自己愛も尊い愛の一面ではありますが、利己心で魂が腐ると周囲の人間の存在が同じ生身の人間としては徐々に見えなくなるのです。

自らの優越感だけでは人は正しく成長しない。

ましてや自らの劣等感だけでも人は正しく成長しない。

自分以外の諸々の人々の感覚・感情を理解しなければ、人間社会の中で自己自身の真なる生長は有り得ません。

人は一人では生きて行けないのです。

優越感も劣等感も同じ時代を生きる人間として、魂を生長させる心の糧になります。

しかしそうした尊い心の糧の有り難みを殆ど感じられない迷妄者たちは、現実主義・刹那主義の毒酒に酔い痴れて、独善独歩の道を盲目のまま驀進しています。

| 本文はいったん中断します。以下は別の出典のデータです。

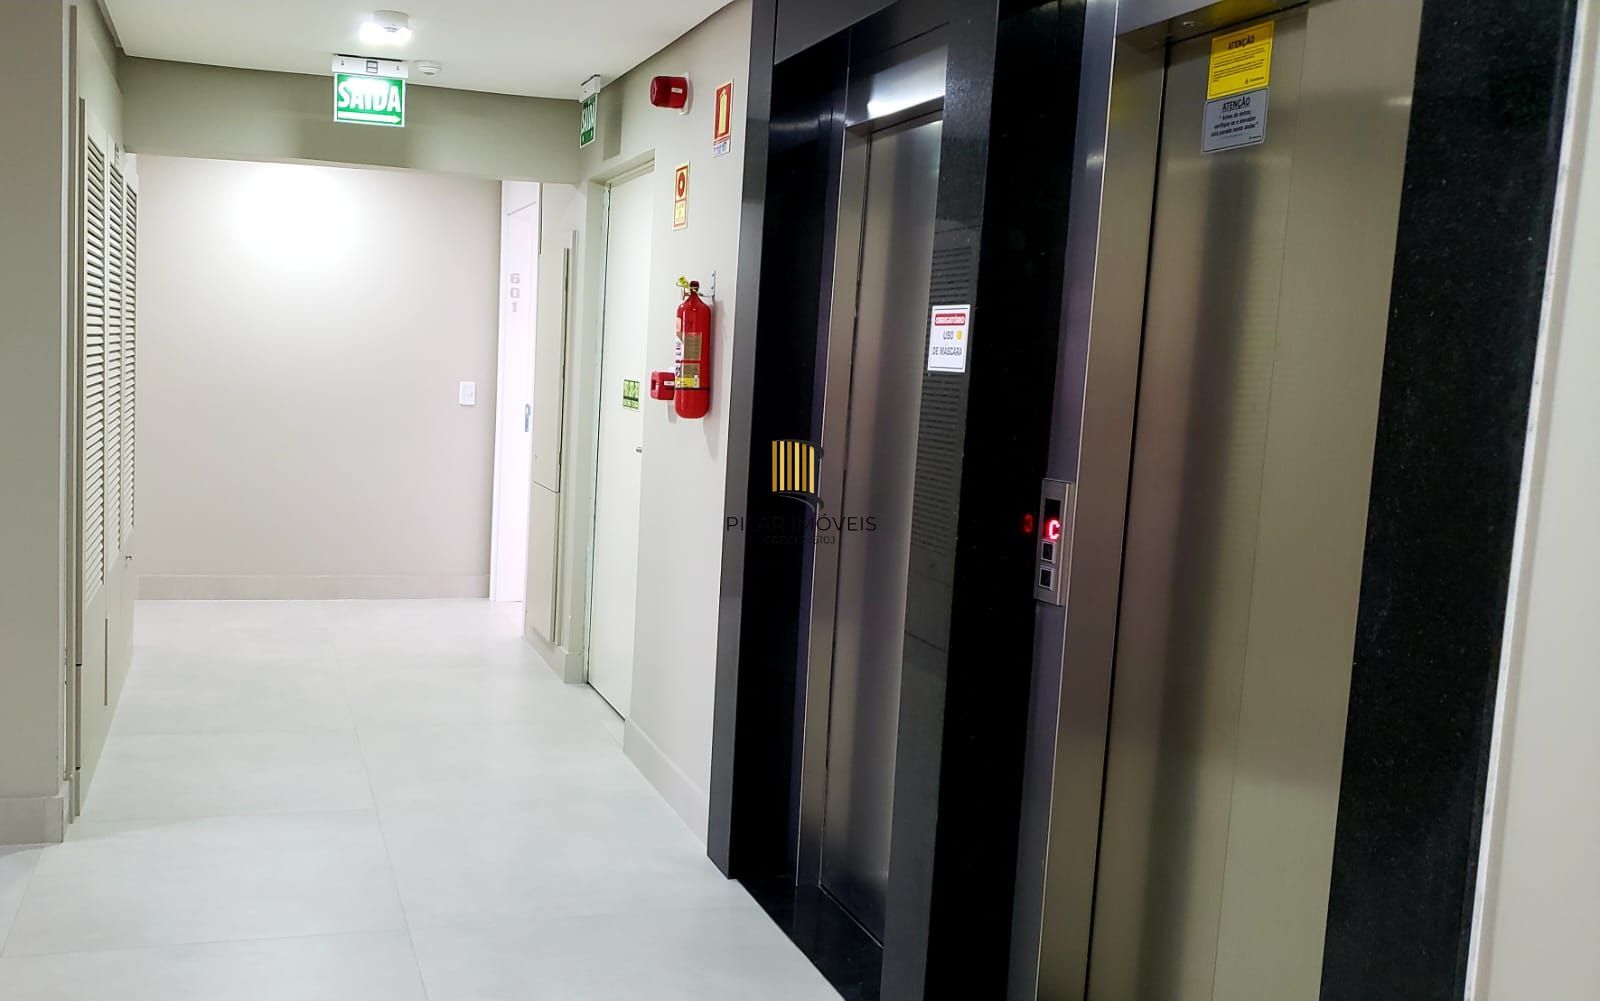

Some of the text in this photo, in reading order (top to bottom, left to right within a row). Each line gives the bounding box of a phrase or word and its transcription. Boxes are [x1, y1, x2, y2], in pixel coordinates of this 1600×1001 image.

[1222, 96, 1251, 111] ATENÇÃO
[510, 272, 521, 313] 601
[943, 330, 954, 341] USO

そのような迷妄者が多い時代精神は時折り人柱を要求してまいります。

迷妄時代が要求してくる人柱は、悪事等の責任を全て一人の人間に背負わせて闇に封じ込められる(言わば被害者である)悲しい末路の人間であります。

自我我欲者たちの欲望の尻拭いをさせられ、社会的地位も人格的名誉も経済的資産も全て削除された挙句、闇に葬られる運命を辿った悲劇の人柱が未だに無くなりません。

しかし本来の人柱の真意は、自分の為ではなく人の為に人生を生きる人間が、その生涯の総てを賭けて天命を真っ当する生き様であります。

人の為の人生を貫き通す高徳者たちは、その清らかな精神ゆえに魂が限りなく透明な色彩となっているため、実相世界からの光明を遮るものが少ないのです。

そのため人間臭が薄い分だけ同時代の人々には認知され辛いが、後の世で歴史の流れを精査された時に、誰よりも重要な役割を生きた尊い人格者として永く慕われるでありましょう。

日本の歴史上では何人もの偉人が数え上げられますが、大和国の最大最高最奥なる根本的な精神的人柱は天之御中主大神であります。